Work task. All of the records below are to be given again word for word, with the pictures removed.

Items listed in a dataset
☆ ☆ ☆ ☆ ☆ ☆ ☆

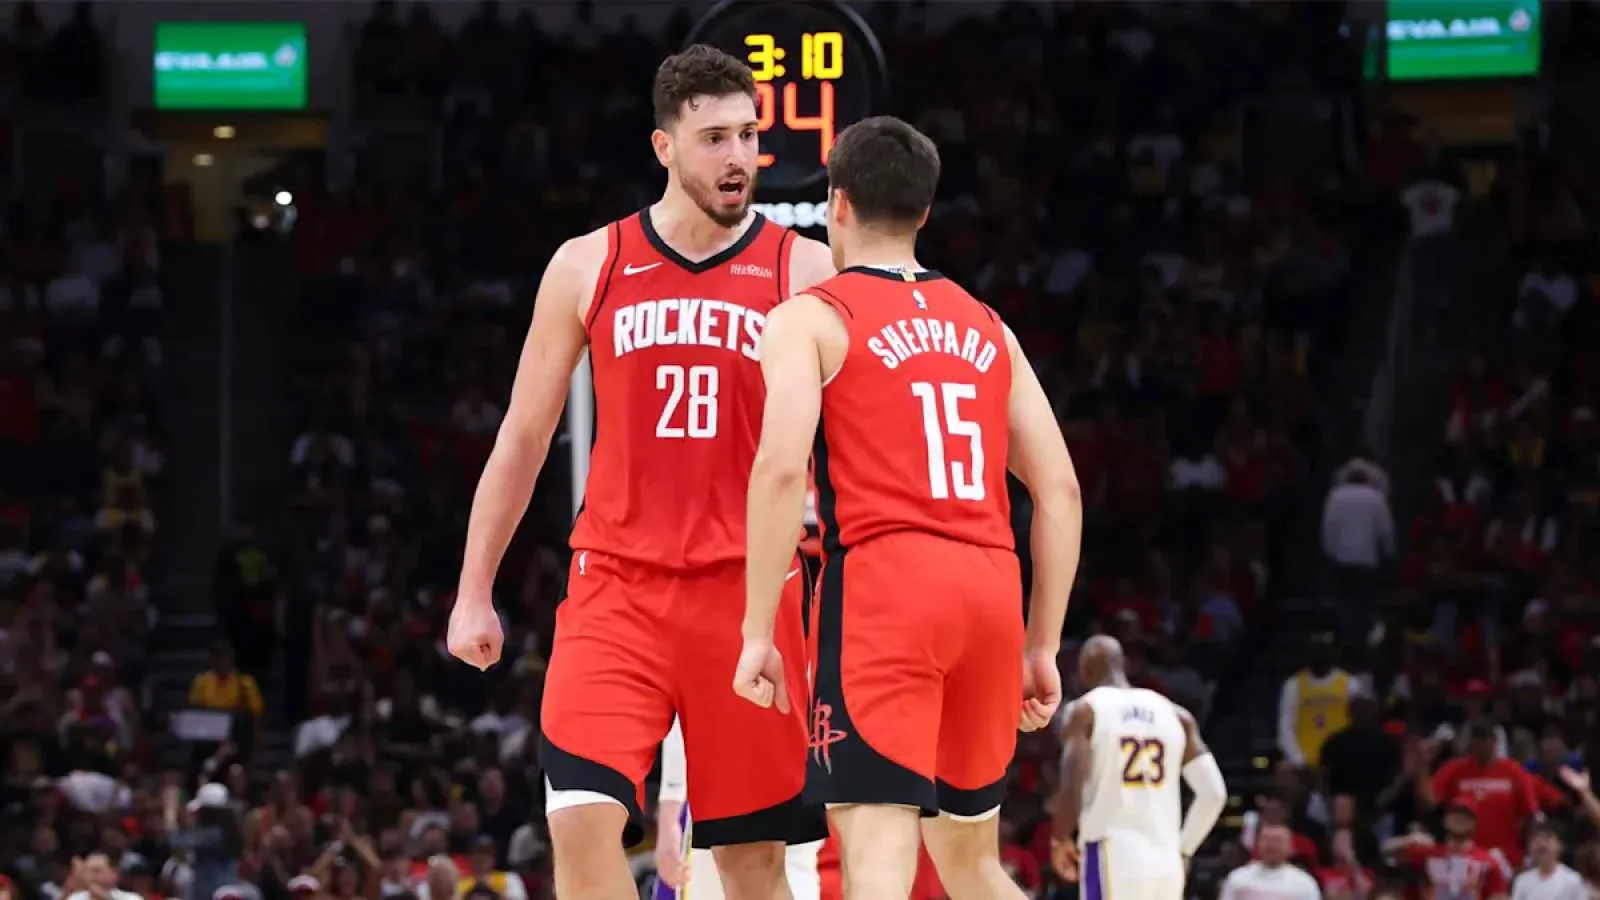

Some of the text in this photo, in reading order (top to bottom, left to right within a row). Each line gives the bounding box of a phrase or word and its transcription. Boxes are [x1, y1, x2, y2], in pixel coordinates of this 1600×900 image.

[613, 298, 769, 361] ROCKETS
[867, 318, 998, 373] SHEPPARD
[655, 365, 719, 439] 28
[911, 382, 986, 500] 15
[1119, 736, 1165, 788] 23
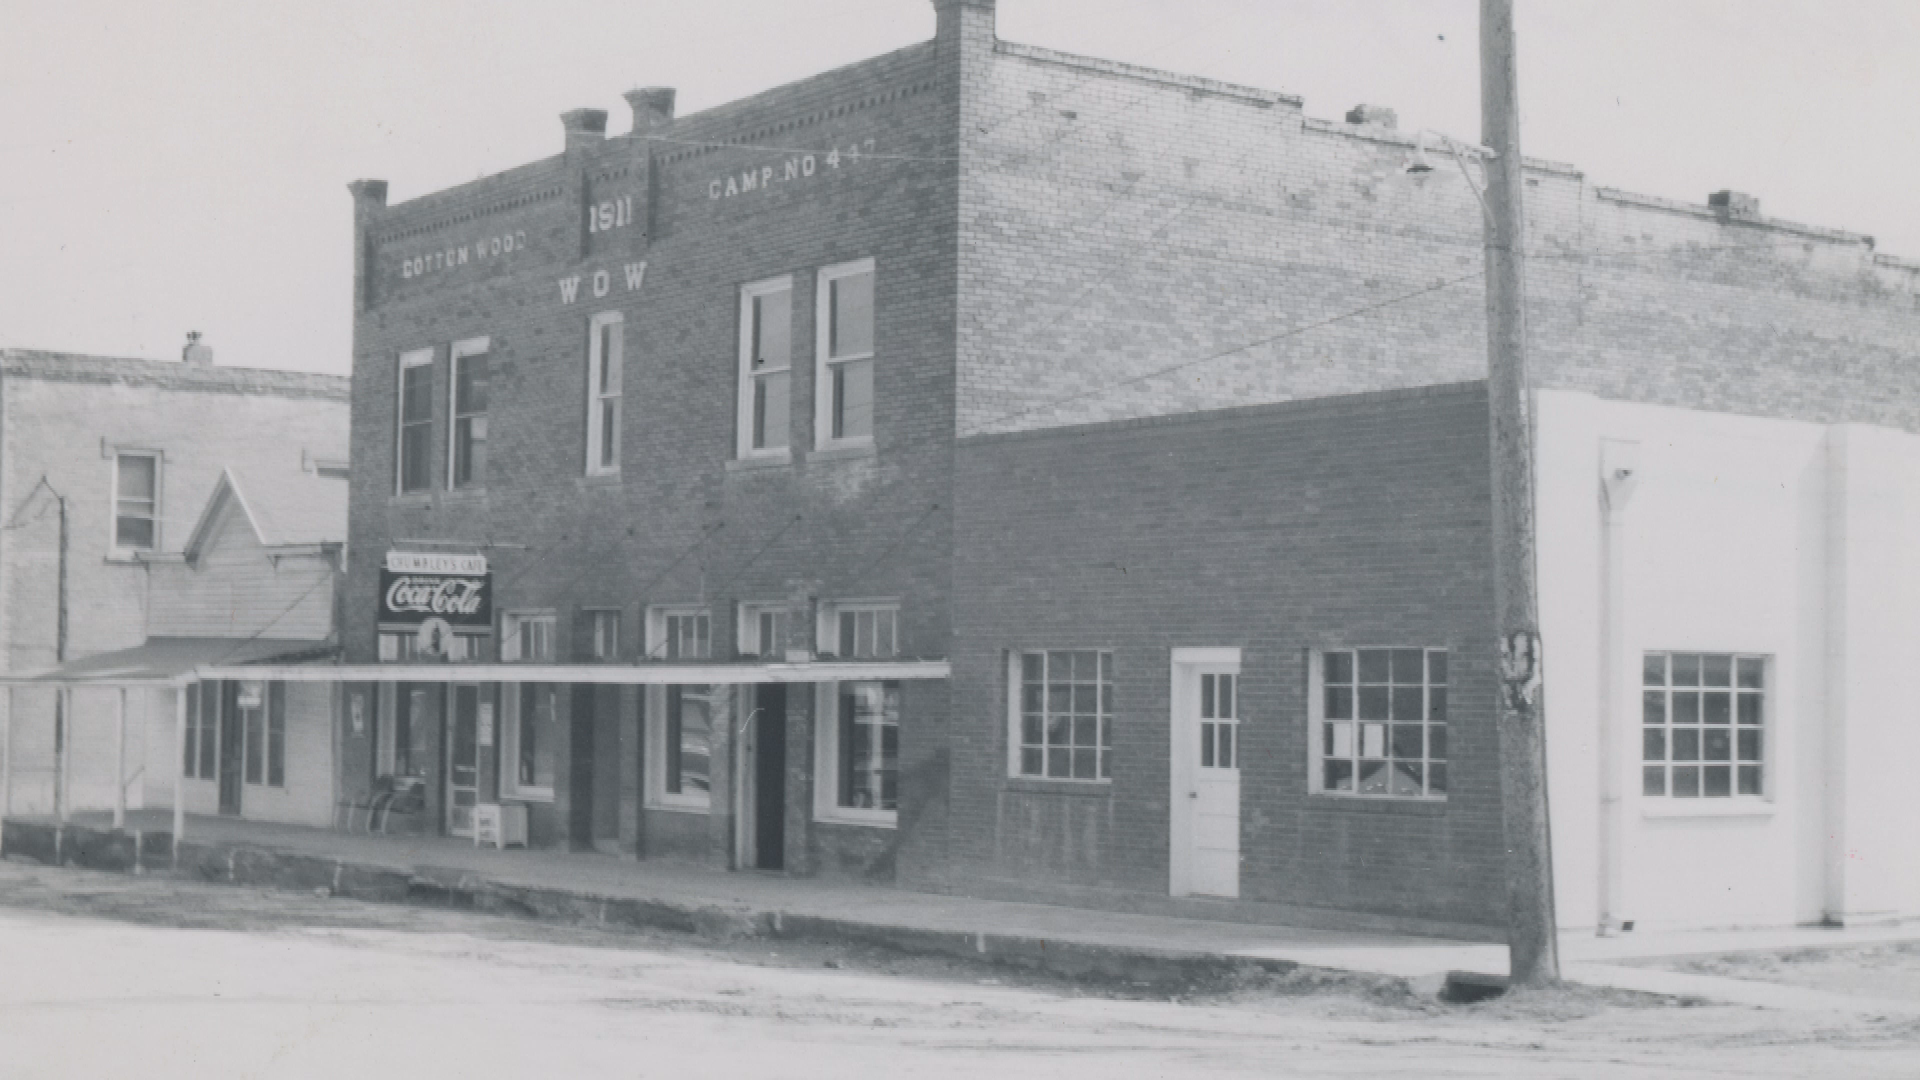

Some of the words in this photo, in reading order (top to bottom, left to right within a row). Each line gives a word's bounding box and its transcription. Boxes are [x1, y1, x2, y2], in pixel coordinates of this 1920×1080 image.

[708, 165, 772, 199] CAMP
[589, 195, 632, 233] 1911
[402, 244, 468, 279] COTTON
[476, 229, 527, 259] WOOD
[461, 560, 484, 573] CAFE
[386, 576, 484, 613] Coca-Cola

☆ ☆ ☆ ☆ ☆ ☆ ☆

Expected answer.
Some of the text in this photo, in reading order (top to bottom, left to right within a row). Each line gives the bounding box of a phrase or word and its transcription. Boxes are [x1, y1, x2, y2], in pixel coordinates of this 1600×900 image.

[613, 298, 769, 361] ROCKETS
[867, 318, 998, 373] SHEPPARD
[655, 365, 719, 439] 28
[911, 382, 986, 500] 15
[1119, 736, 1165, 788] 23

Some of the words in this photo, in reading order (top to bottom, left to right within a row). Each line gives a word's bounding box and its transcription. Boxes are [x1, y1, x2, y2], in pixel coordinates of this 1920×1080 image.

[708, 165, 772, 199] CAMP
[589, 195, 632, 233] 1911
[402, 244, 468, 279] COTTON
[476, 229, 527, 259] WOOD
[461, 560, 484, 573] CAFE
[386, 576, 484, 613] Coca-Cola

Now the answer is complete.